MATERIALS PROVIDED section start

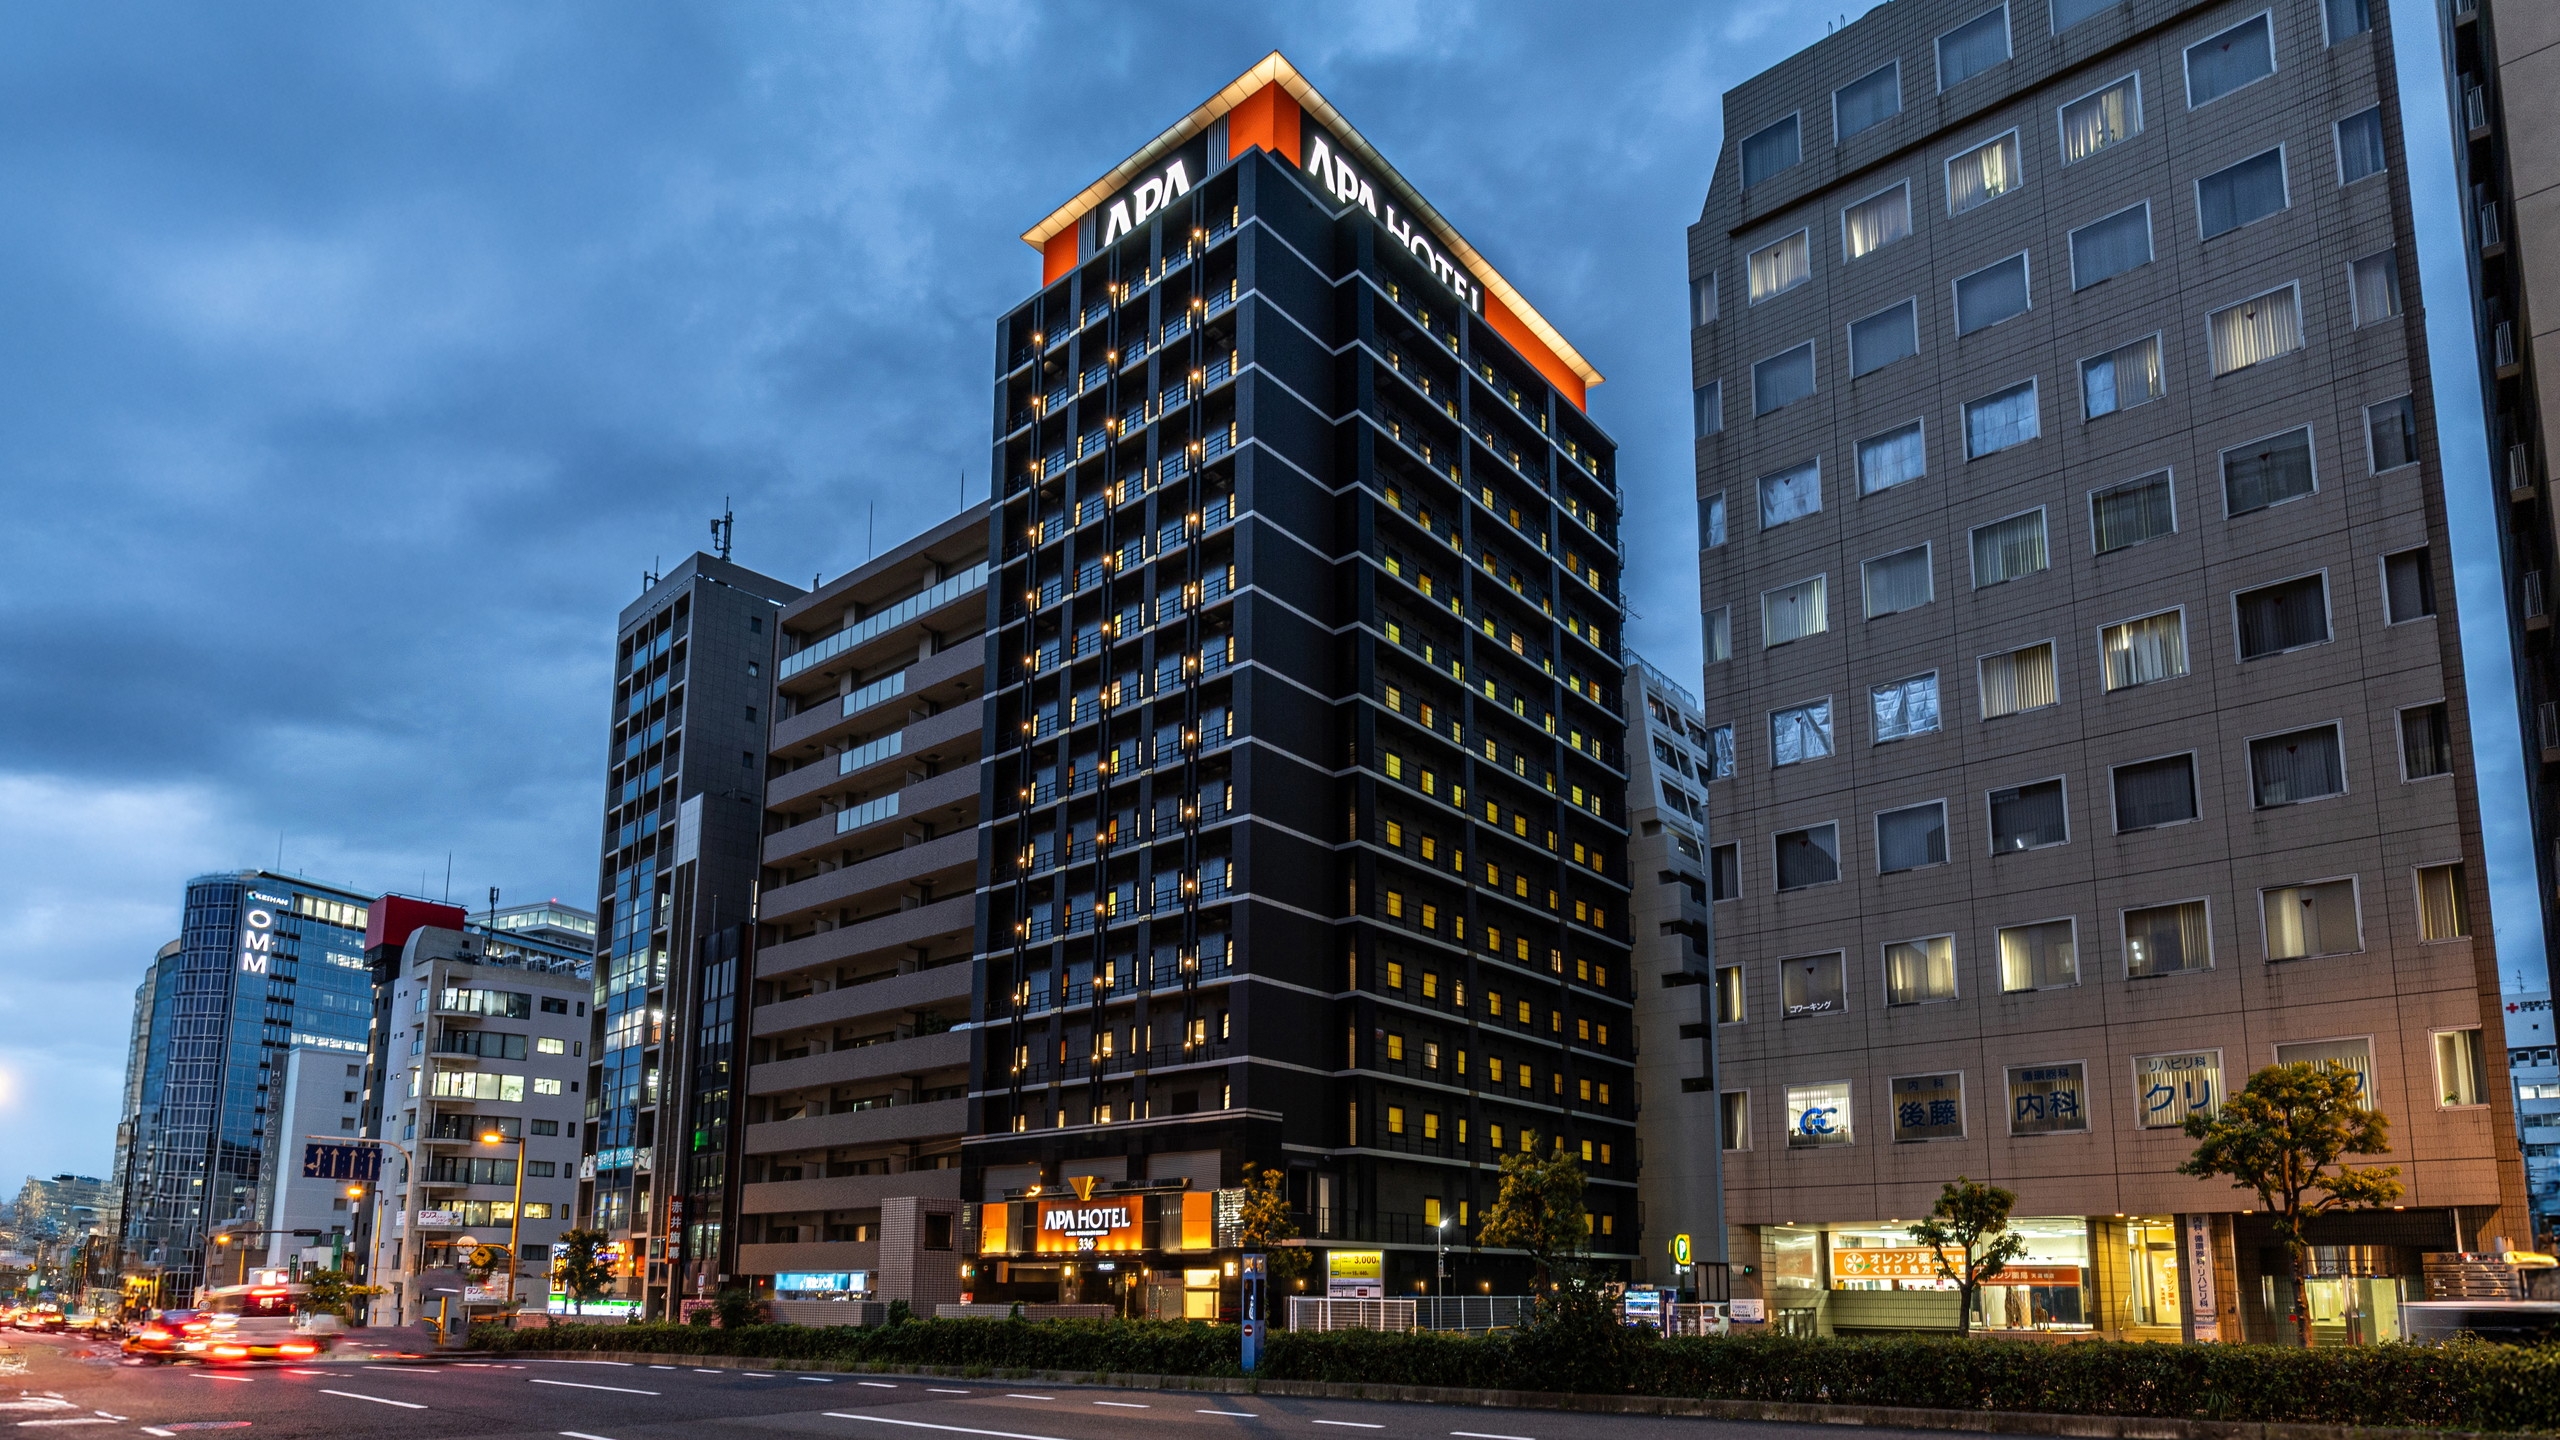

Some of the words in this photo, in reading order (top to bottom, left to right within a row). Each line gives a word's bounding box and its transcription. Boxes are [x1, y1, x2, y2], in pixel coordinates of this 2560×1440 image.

[1308, 136, 1377, 218] APA
[1104, 159, 1190, 247] APA
[255, 893, 288, 906] KEIHAN
[243, 910, 271, 974] OMM
[1790, 1001, 1832, 1013] コワーキング
[2148, 1056, 2207, 1072] リハビリ科
[269, 1070, 281, 1112] HOTEL
[1898, 1099, 1957, 1128] 後藤
[2016, 1089, 2079, 1120] 内科
[2145, 1079, 2210, 1112] クリ
[260, 1117, 275, 1182] KEIHAN
[668, 1201, 683, 1259] 赤井旗幕
[1045, 1209, 1075, 1230] APA
[1078, 1207, 1131, 1229] HOTEL
[1078, 1237, 1094, 1250] 336
[1679, 1240, 1686, 1259] P
[1870, 1252, 1943, 1264] オレンジ薬
[1872, 1266, 1902, 1274] くすり

MATERIALS PROVIDED section end

== WORK TO BE COMPLETED ==
With the pictures set aside, write out the whole listing exactly.

== COMPLETED EXERCISE ==
Some of the words in this photo, in reading order (top to bottom, left to right within a row). Each line gives a word's bounding box and its transcription. Boxes are [x1, y1, x2, y2], in pixel coordinates of this 2560×1440 image.

[1308, 136, 1377, 218] APA
[1104, 159, 1190, 247] APA
[255, 893, 288, 906] KEIHAN
[243, 910, 271, 974] OMM
[1790, 1001, 1832, 1013] コワーキング
[2148, 1056, 2207, 1072] リハビリ科
[269, 1070, 281, 1112] HOTEL
[1898, 1099, 1957, 1128] 後藤
[2016, 1089, 2079, 1120] 内科
[2145, 1079, 2210, 1112] クリ
[260, 1117, 275, 1182] KEIHAN
[668, 1201, 683, 1259] 赤井旗幕
[1045, 1209, 1075, 1230] APA
[1078, 1207, 1131, 1229] HOTEL
[1078, 1237, 1094, 1250] 336
[1679, 1240, 1686, 1259] P
[1870, 1252, 1943, 1264] オレンジ薬
[1872, 1266, 1902, 1274] くすり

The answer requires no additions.